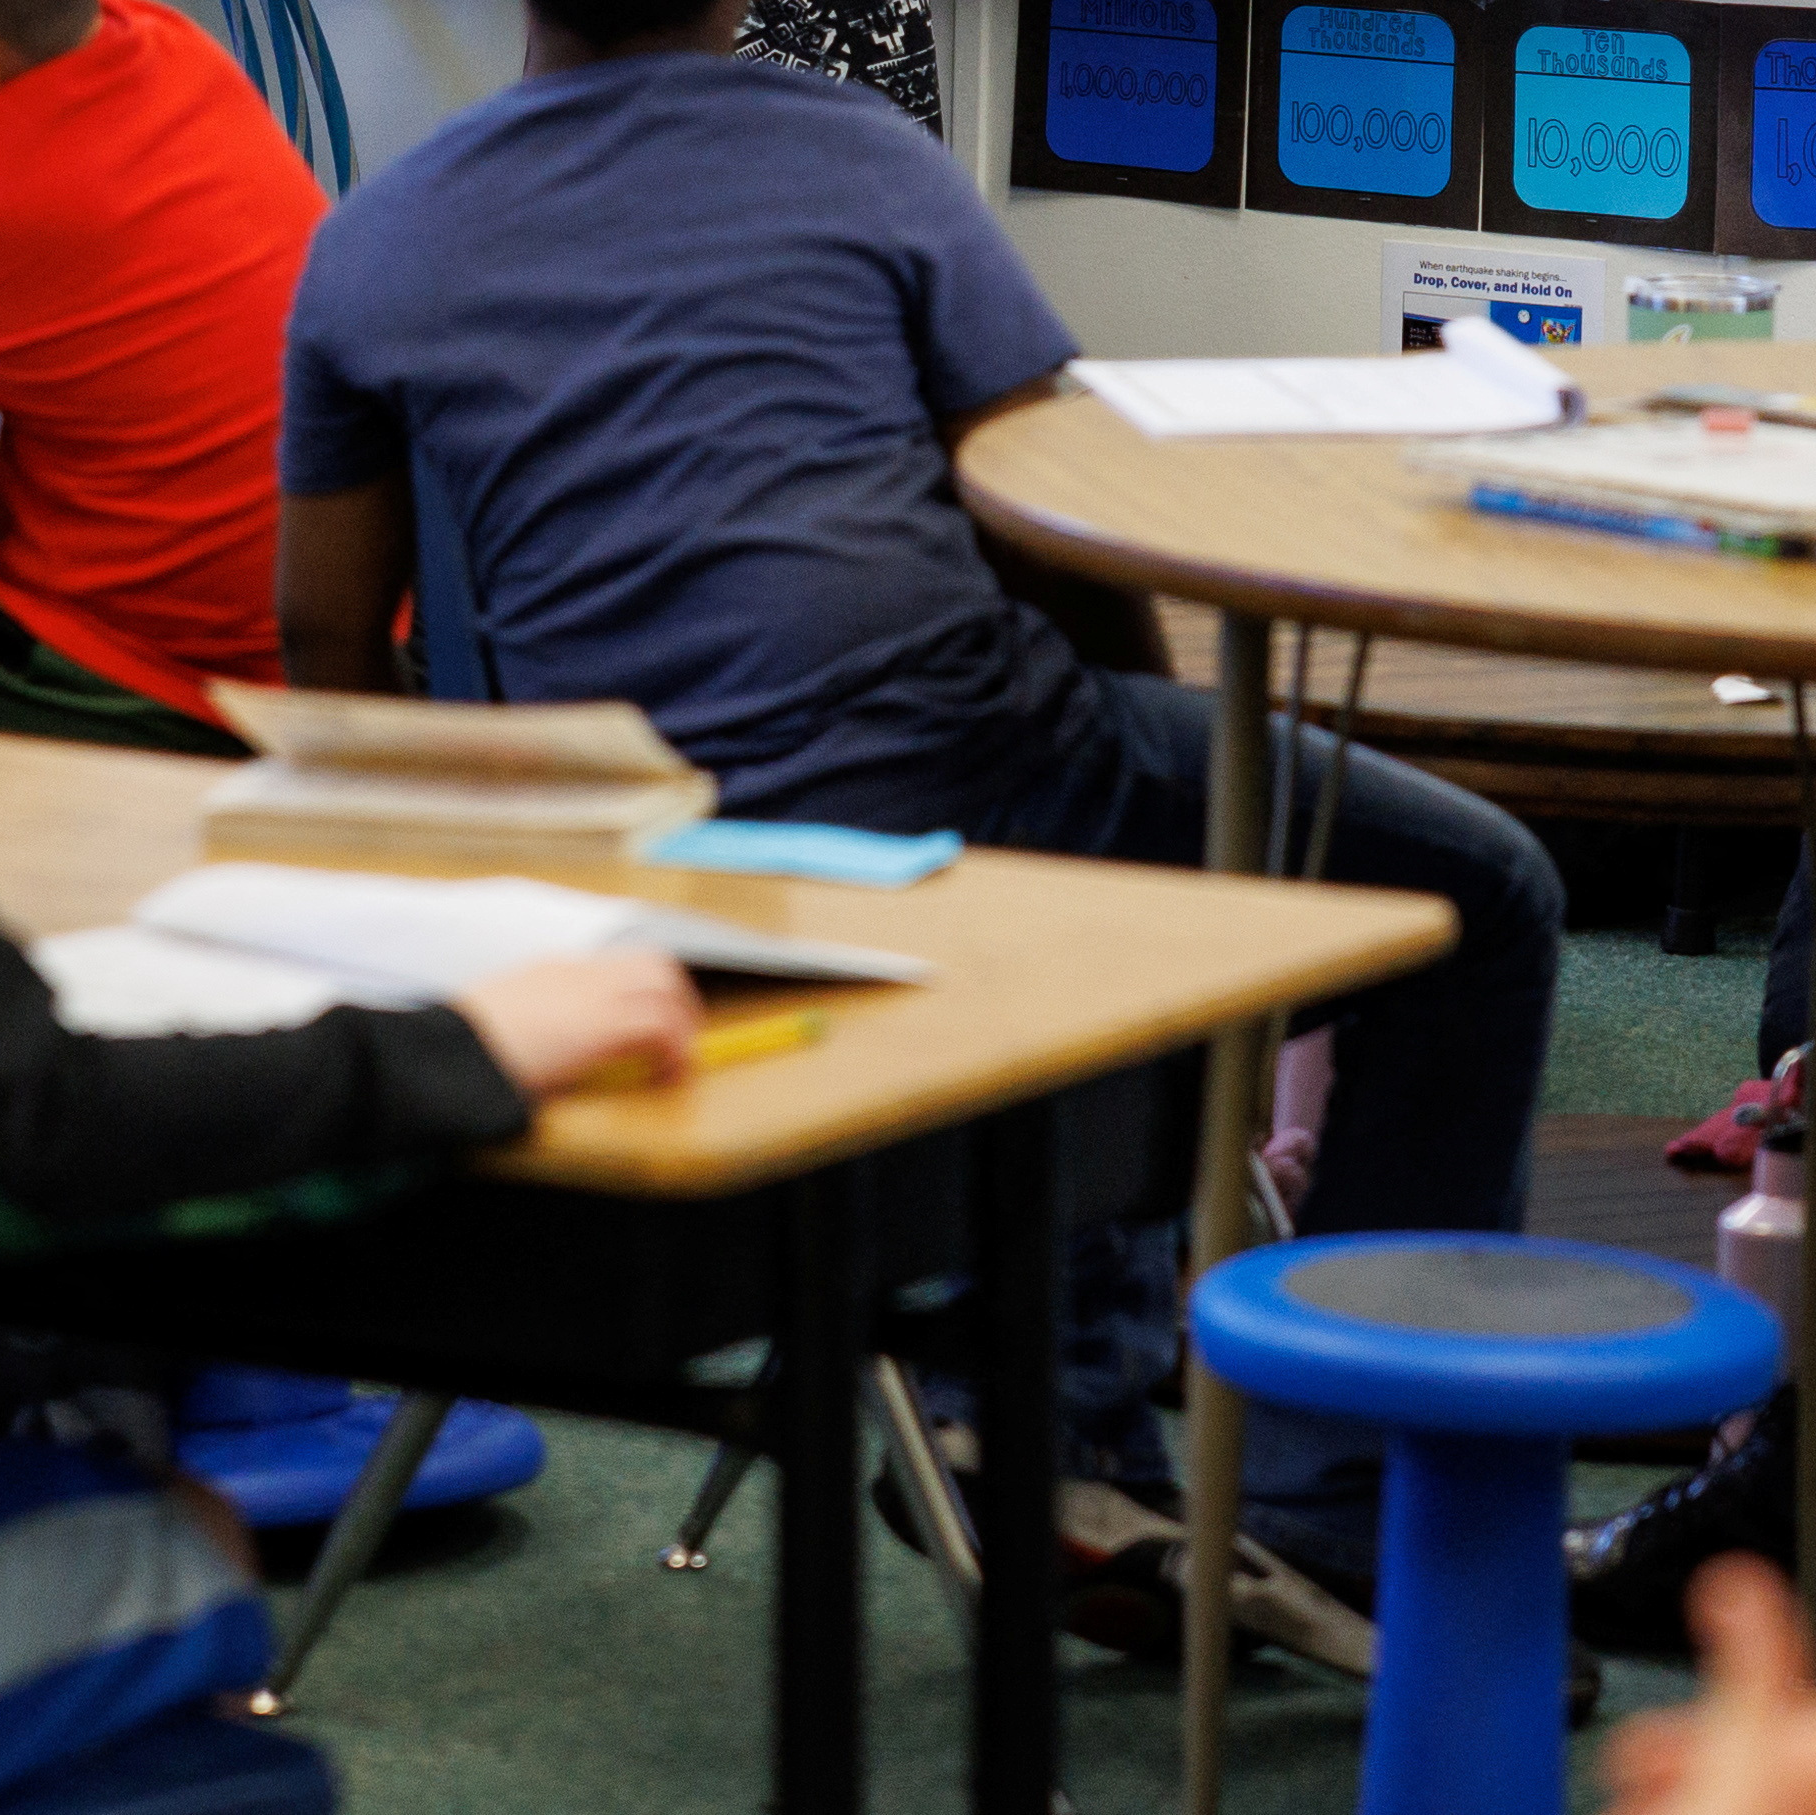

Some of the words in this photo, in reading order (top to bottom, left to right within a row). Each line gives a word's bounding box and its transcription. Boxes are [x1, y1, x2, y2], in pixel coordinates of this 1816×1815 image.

[1318, 7, 1417, 34] Hundred
[1307, 28, 1427, 59] Thousands
[1581, 31, 1626, 55] Ten
[1536, 49, 1669, 82] Thousands
[1059, 61, 1209, 110] 1,000,000
[1290, 101, 1446, 155] 100,000
[1526, 117, 1683, 178] 10,000
[1414, 273, 1448, 288] Drop,
[1451, 277, 1490, 293] Cover,
[1494, 282, 1517, 293] and
[1521, 284, 1551, 296] Hold
[1555, 286, 1572, 298] On
[1420, 261, 1443, 271] When
[1446, 264, 1494, 276] earthquake
[1496, 268, 1529, 279] shaking

■ ■ ■ ■ ■ ■ ■

(Exercise objective)
Output all of the data exactly. Skip the pictures.

(Exercise solution)
Some of the words in this photo, in reading order (top to bottom, left to right within a row). Each line gives a word's bounding box and its transcription. Boxes are [x1, y1, x2, y2], in pixel coordinates of this 1816×1815 image.

[1318, 7, 1417, 34] Hundred
[1307, 28, 1427, 59] Thousands
[1581, 31, 1626, 55] Ten
[1536, 49, 1669, 82] Thousands
[1059, 61, 1209, 110] 1,000,000
[1290, 101, 1446, 155] 100,000
[1526, 117, 1683, 178] 10,000
[1414, 273, 1448, 288] Drop,
[1451, 277, 1490, 293] Cover,
[1494, 282, 1517, 293] and
[1521, 284, 1551, 296] Hold
[1555, 286, 1572, 298] On
[1420, 261, 1443, 271] When
[1446, 264, 1494, 276] earthquake
[1496, 268, 1529, 279] shaking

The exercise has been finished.